On a side note before I was born my father was in the US Army and served in the OSS (spy) and spoke German, Czech, Russian, Hungarian, Danish and French fluently cause of his father knew 11 languages and several dialects. back to my father, he spent plenty of time behind the iron curtain in Czechoslovakia and seen Krtek as well as the Russian Wolf cartoon and picked up a statue of the Wolf smoking. I had that for many years in my place. When I seen Krtek on TV for the first time, my father said he seen it when he first aired back in the 50’s. He too loved the mole. My father passed in 1991 so he never got the chance to meet my wife and kids and see the little mole again… Krtek is and always should be seen as a National Treasure of the Czech Republic and nothing short of that…

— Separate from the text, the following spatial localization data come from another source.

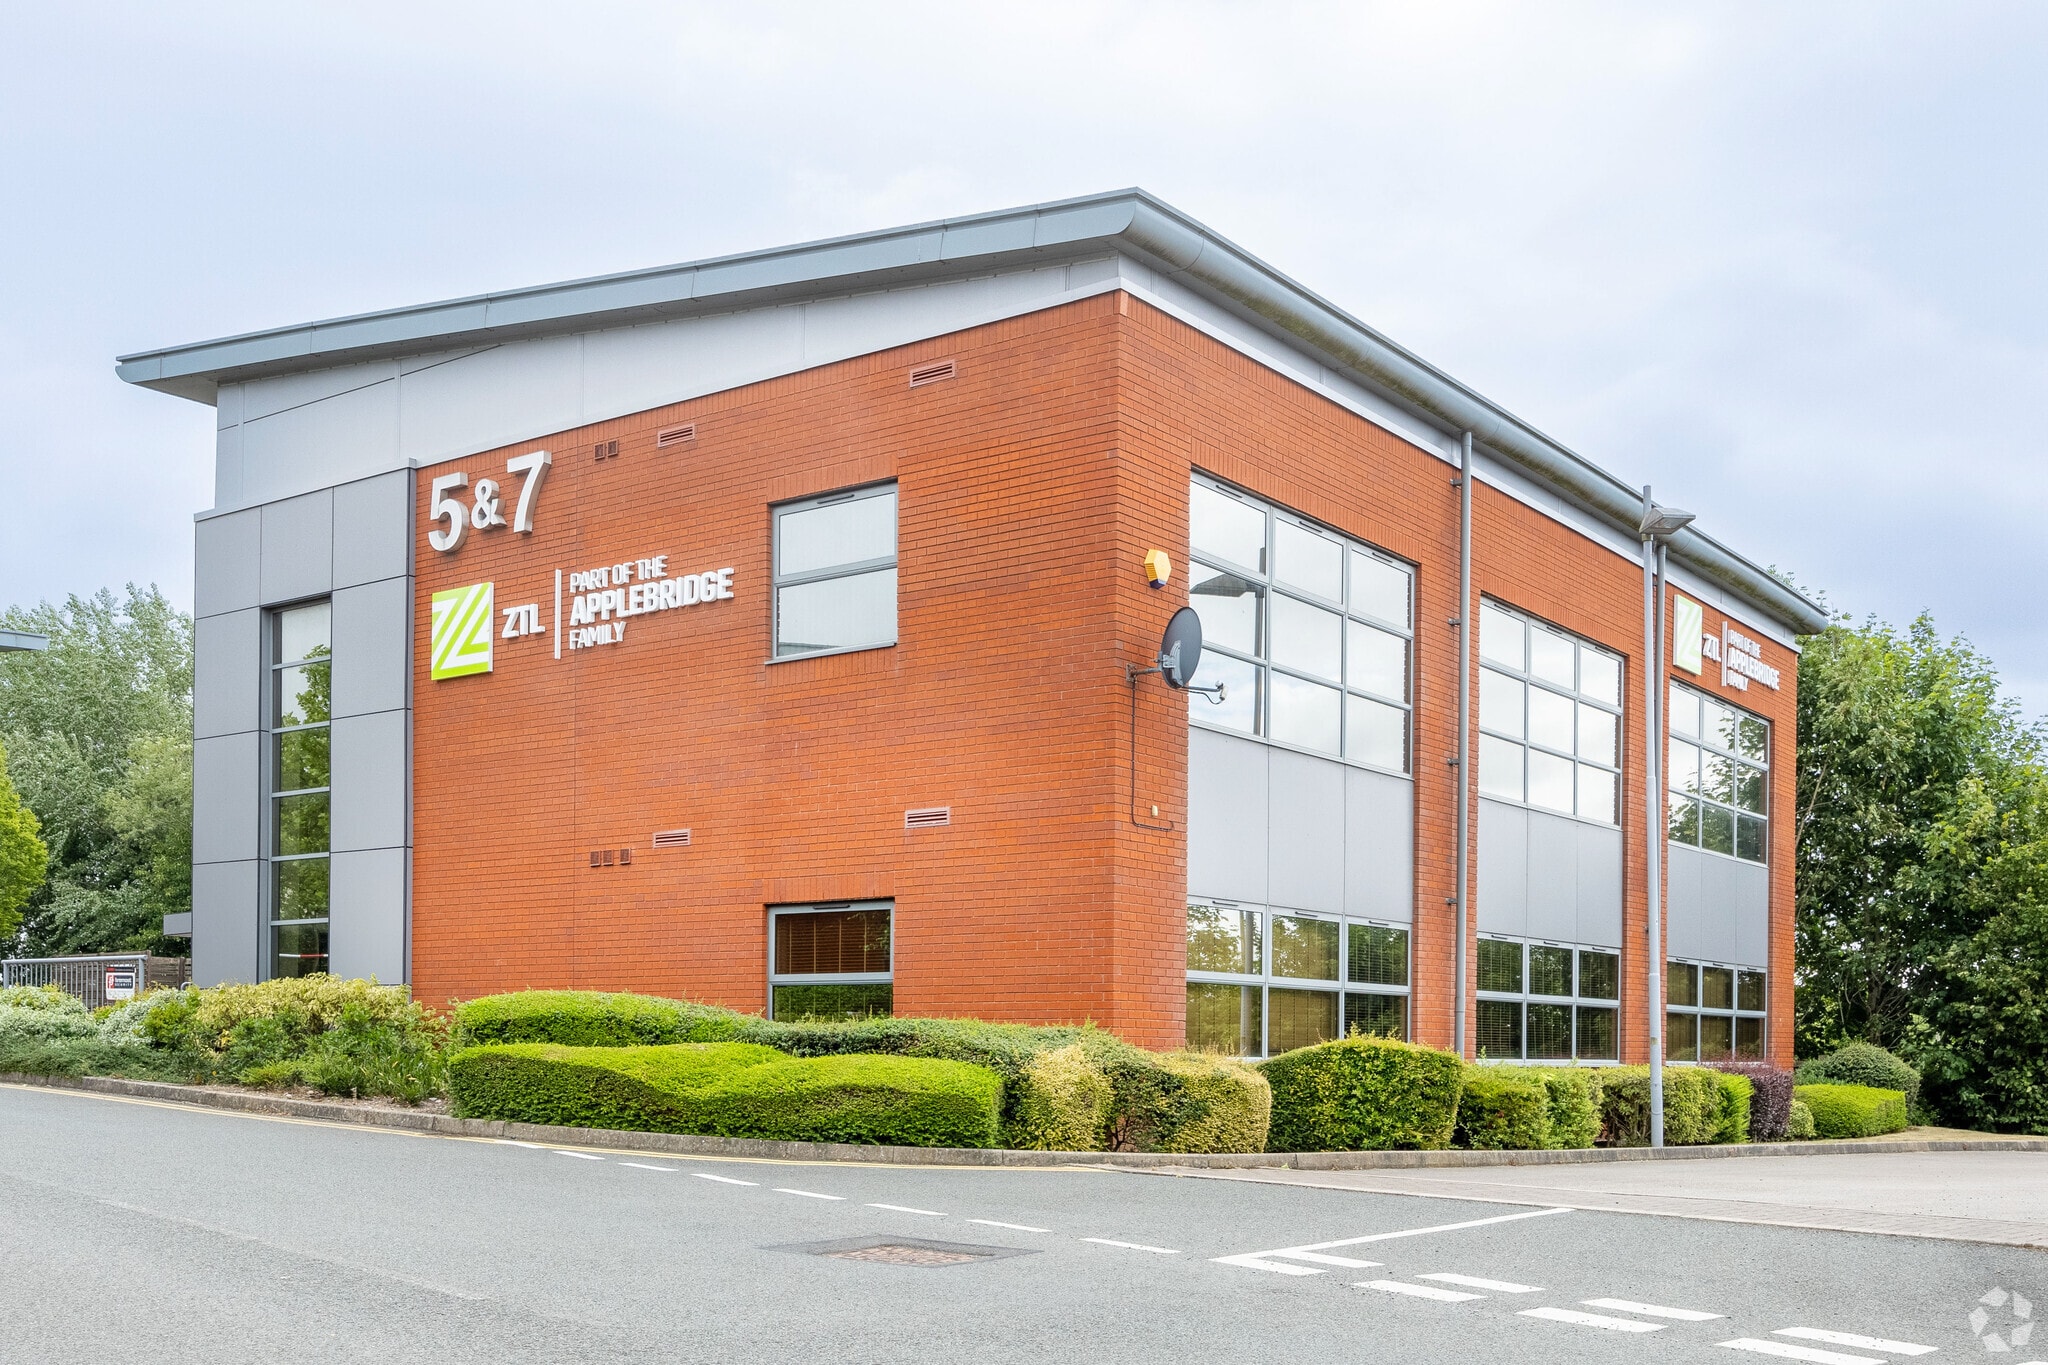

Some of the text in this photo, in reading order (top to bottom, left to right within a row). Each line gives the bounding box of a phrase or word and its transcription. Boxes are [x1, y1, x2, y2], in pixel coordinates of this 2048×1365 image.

[428, 450, 552, 552] 5&7
[569, 555, 668, 593] PART OF THE
[569, 567, 734, 626] APPLEBRIDGE
[501, 604, 546, 639] ZTL
[569, 621, 627, 650] FAMILY
[1703, 633, 1721, 662] ZTL
[1728, 647, 1780, 691] APPLEBRIDGE

Great article but I did want to add that while growing up in Los Angeles in the late 1970s, ‘The Little Mole’ was actually broadcast on the local PBS affiliate. I recall how different it was from western cartoons, the slower pace and especially the beauty of the backgrounds. I was extremely fond of the show and it will be the first television program I’ll introduce to my son.

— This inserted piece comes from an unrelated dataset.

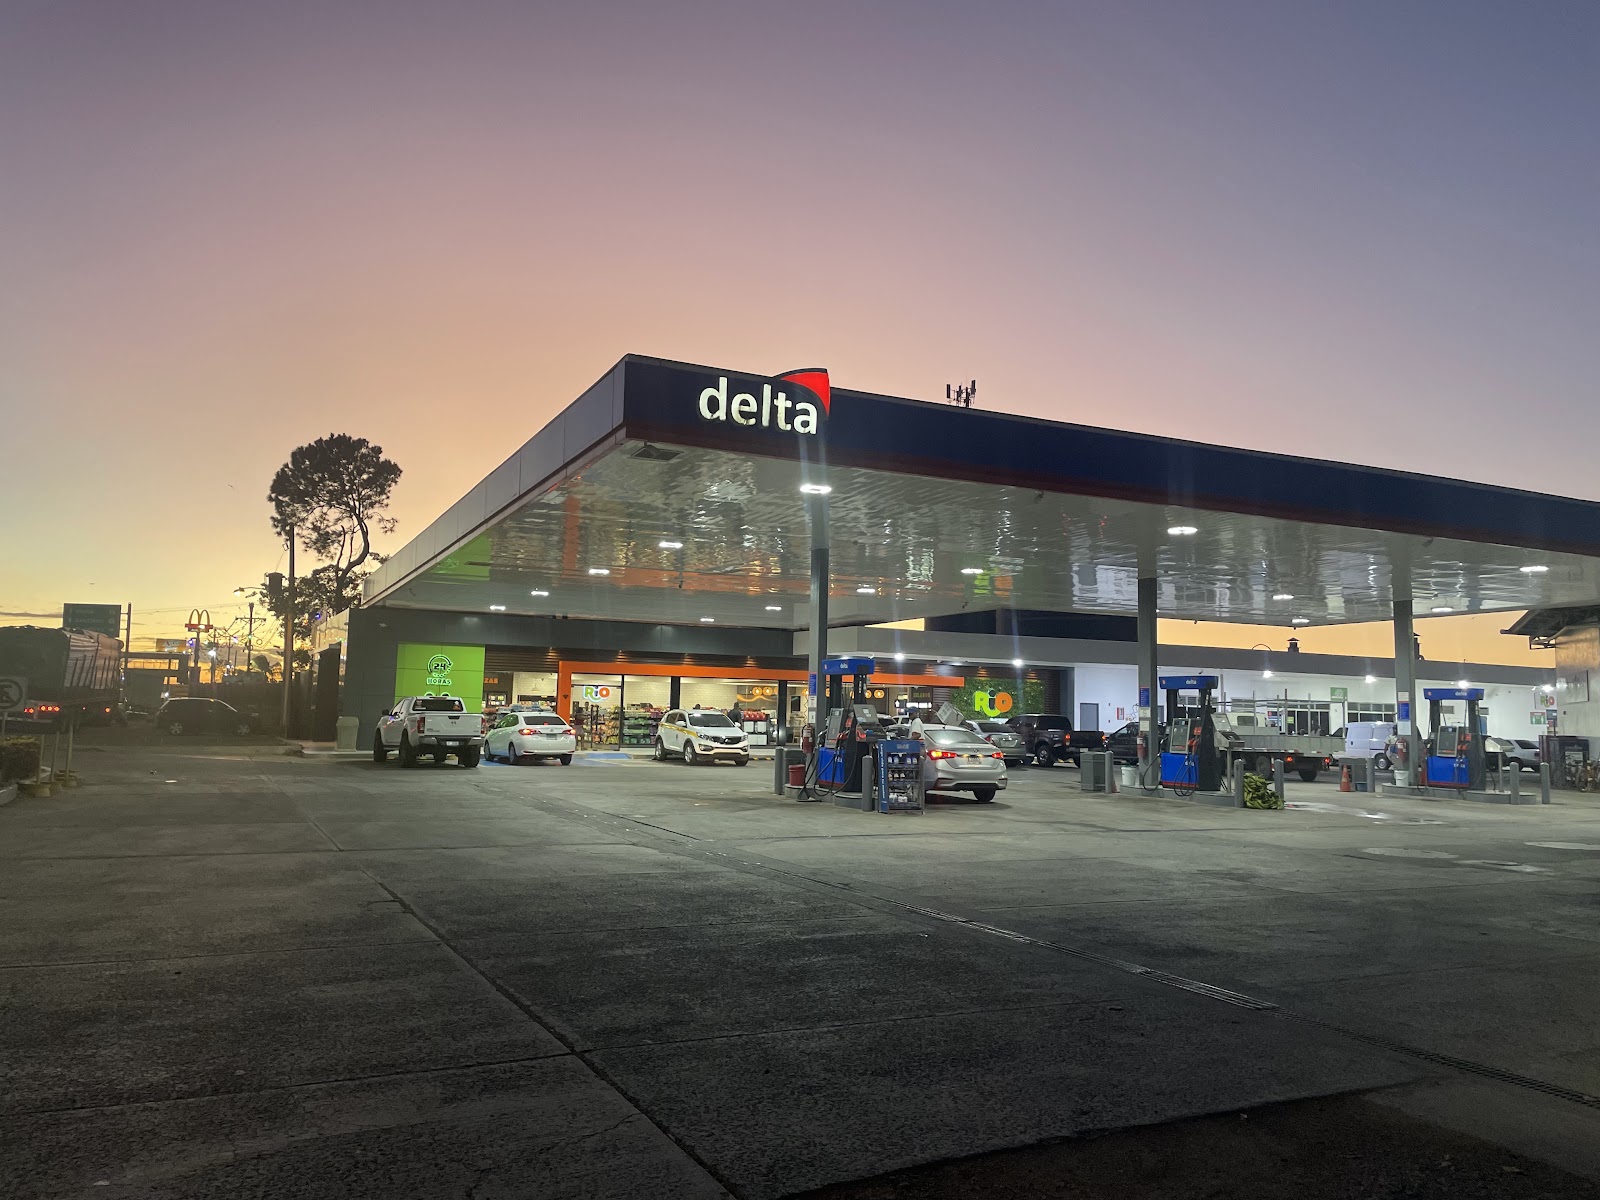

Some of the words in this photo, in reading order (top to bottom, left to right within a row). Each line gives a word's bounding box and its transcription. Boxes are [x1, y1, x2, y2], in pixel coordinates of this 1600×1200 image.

[699, 376, 817, 435] delta
[433, 662, 447, 671] 24
[427, 677, 452, 685] HORAS

Hi y’all! Me too I’m terribly sorry for coming so late to this post. I trust someone can help me. We are an increasing group of Latinos in our 40’s-50’s who happen to have watched many Eastern European cartoons in our respective Latin American countries. Apart from the well-know Bolek i Lolek series, there was Professor Balthazar and many other cartoons. We need your help in order to find out what was the name and the country of a TV cartoon series for children featuring no dialogues but classical & middle-ages music instead and with its 2 main characters being a couple of bugs taking on somehow the roles Don Quixote (the grasshopper) & Sancho Panza (the beetle, though some fellow watchers contend it was a ladybug). They both traveled around many gardens & forests, having a thousand adventures with/against the ants, the bees, the flowers, etc. None of us seem to remember the name or the country, and I think I have thoroughly searched “the internets” for that specific children’s cartoon using Spanish, English, French, German and the google translator renditions into Eastern European languages. I have actually “harassed” some Polish friends, and according to them this cartoon wouldn’t be Polish. I have found no trace when searching former Yugoslavia, Hungary, former Czechoslovakia, or former USSR. I hope someone can help! I, for one, would just love to find the cartoon for myself and my children (when I have them) and offer it as a present for some of my friends’ children. Thanks a lot for any time anyone can devote to a better search I have performed!